Io e Annie rappresentò per Allen una svolta in tutti i sensi: da quel momento cominciarono a calare le sue fortune americane e nel contempo a crescere le sue fortune europee. Vediamo la monografia che Giannalberto Bendazzi gli dedicò nel 1976. Dalla bibliografia allegata al testo si riscontra che, sino a quel momento, libri e saggi su Allen erano tutti di origine americana. In Francia fino allora non aveva suscitato alcun interesse, così come in Gran Bretagna. In Italia esistevano solo alcuni testi di carattere puramente informativo. Stupiva sopratutto l'indifferenza della critica francese, dove operavano i più dotti esperti di cinema comico. Eppure la Francia stravedeva per Jerry Lewis, il quale, tra l´altro, aveva segnalato Allen ai suoi amici parigini, preconizzandogli un brillante futuro.
Da Io e Annie in poi, tutto cambia. Di là e di qua dell´Atlantico le parti si invertono. Quale fosse il motivo per cui critici e spettatori europei, nonché i direttori dei festival europei, s´innamorarono di Allen, è facile immaginare. Meno si comprende il progressivo distacco da lui degli spettatori e poi anche dei critici statunitensi. Una spiegazione potrebbe essere data dal fatto che Allen è nato e cresciuto in quanto autore, oltrechè attore, negli anni Settanta, allorché Hollywood amava strizzare l´occhio al cinema europeo. Era il tempo in cui le Major avevano cessato di rivolgersi unicamente al cosiddetto grande pubblico. Preferivano dividere il pubblico in tre fette distinte (quello metropolitano, quello provinciale, quello straniero) e a ciascuna di esse fornire un prodotto diverso. Poi le strategie mutarono. Hollywood ricominciò a fare la corte al grande pubblico, individuandolo nello spettatore che denunciava l´età media di tredici anni.
Allen, invece, si rivolgeva a un pubblico più maturo, per forza di cose minoritario. Se ha continuato a sfornare un film all´anno, lo deve soprattutto al perenne successo ottenuto in Europa. È il successo europeo che gli ha consentito di godere negli Usa di quel tanto di autorità in grado di mantenerlo padrone assoluto della propria opera, di scegliere i collaboratori tecnici che meglio gradiva, di trovare star da milioni di dollari a posa, disposte per lui ad accettare le tariffe sindacali.

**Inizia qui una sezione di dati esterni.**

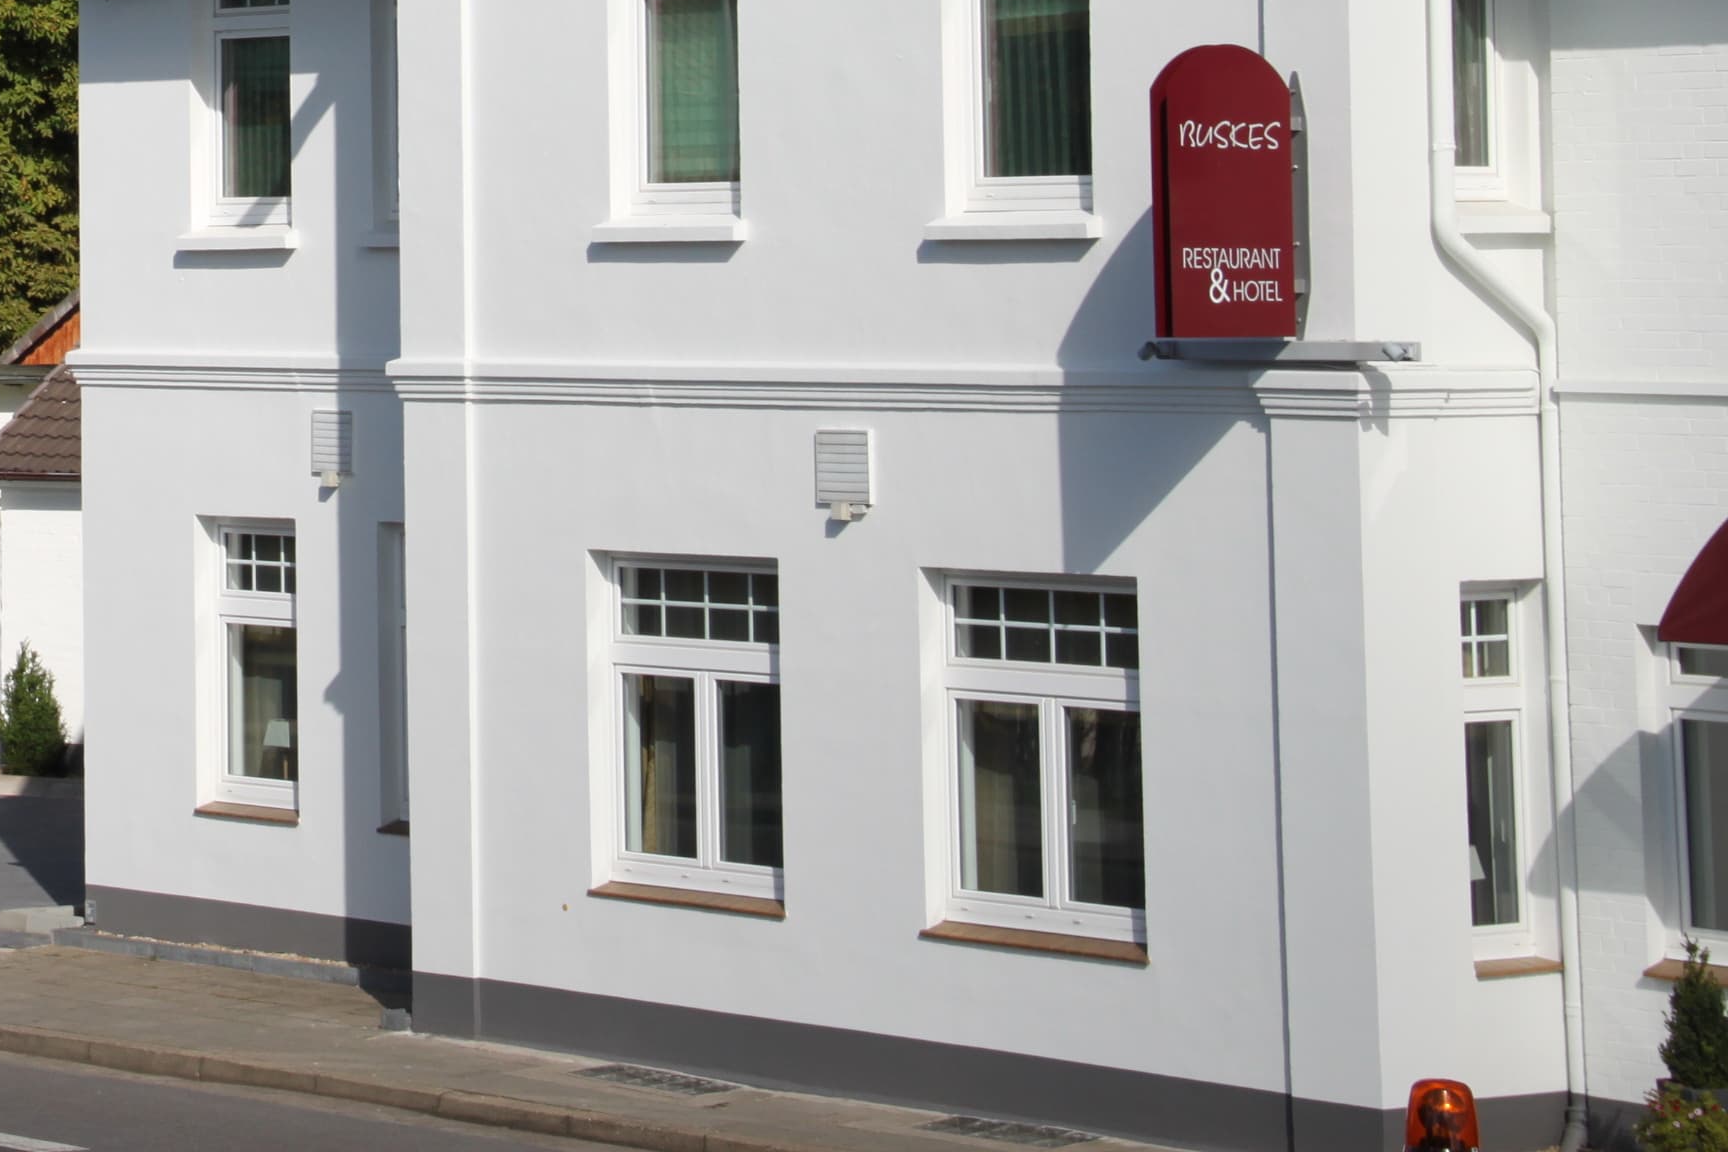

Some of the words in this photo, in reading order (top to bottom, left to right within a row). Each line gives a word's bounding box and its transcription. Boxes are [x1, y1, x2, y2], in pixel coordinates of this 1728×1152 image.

E solo grazie a queste condizioni il pubblico europeo ha avuto il beneficio del film annuale di Allen, gradito come si gradisce il regalo di Natale o per il proprio compleanno.
Cosa è rimasto della Hollywood degli anni Settanta, di quella indimenticabile stagione del cinema statunitense, che pareva stesse per riuscire a cambiare le regole del gioco delle stesse Major? Dei cinquanta e più cineasti che in quell´epoca diedero a Hollywood e dintorni una sorprendente sterzata verso il cinema d´autore, alcuni sono passati a miglior vita, altri sono andati in pensione o scomparsi nel nulla, altri ancora sono retrocessi nella produzione di serie B, o si sono adattati alla routine televisiva, o si difendono come possono, rinunciando gradatamente alla loro iniziale personalità; altri infine si sono trasferiti in Europa, un po´ per amore (James Ivory), talvolta costretti (è il caso di Polansky). L´ultimo di questo gruppo sembra essere Brian De Palma, che presenta a Cannes Femme fatale, girato a Cannes per un produttore francese. Restano in sella l´intramontabile Altman, i potenti Coppola e Lucas, nonché Martin Scorsese che, anzi, col tempo ha aumentato il proprio carisma. Eppoi c´è Spielberg, il nuovo re del cinema statunitense, per la cui Dreamworks Woody Allen, l´altro superstite, ha preso da un po´ di tempo a lavorare. Spielberg non pare il tipo disposto ad accontentarsi di un successo limitato all´Europa. C´è la farà a riportare Woody Allen agli onori americani? E a quale prezzo per il Nostro? Per ora Woody continua ad avvalersi dei festival europei (Cannes o Venezia non importa) per fare breccia sul nostro continente, mentre sul mercato statunitense rimane un autore «di nicchia», come si suol dire. Il futuro non si sa se rimarrà nelle mani sue, oppure se passerà a quelle di Spielberg. Semprechè lui continui ancora a regalarci un film all´anno, senza vuotare il magazzino delle proprie storie.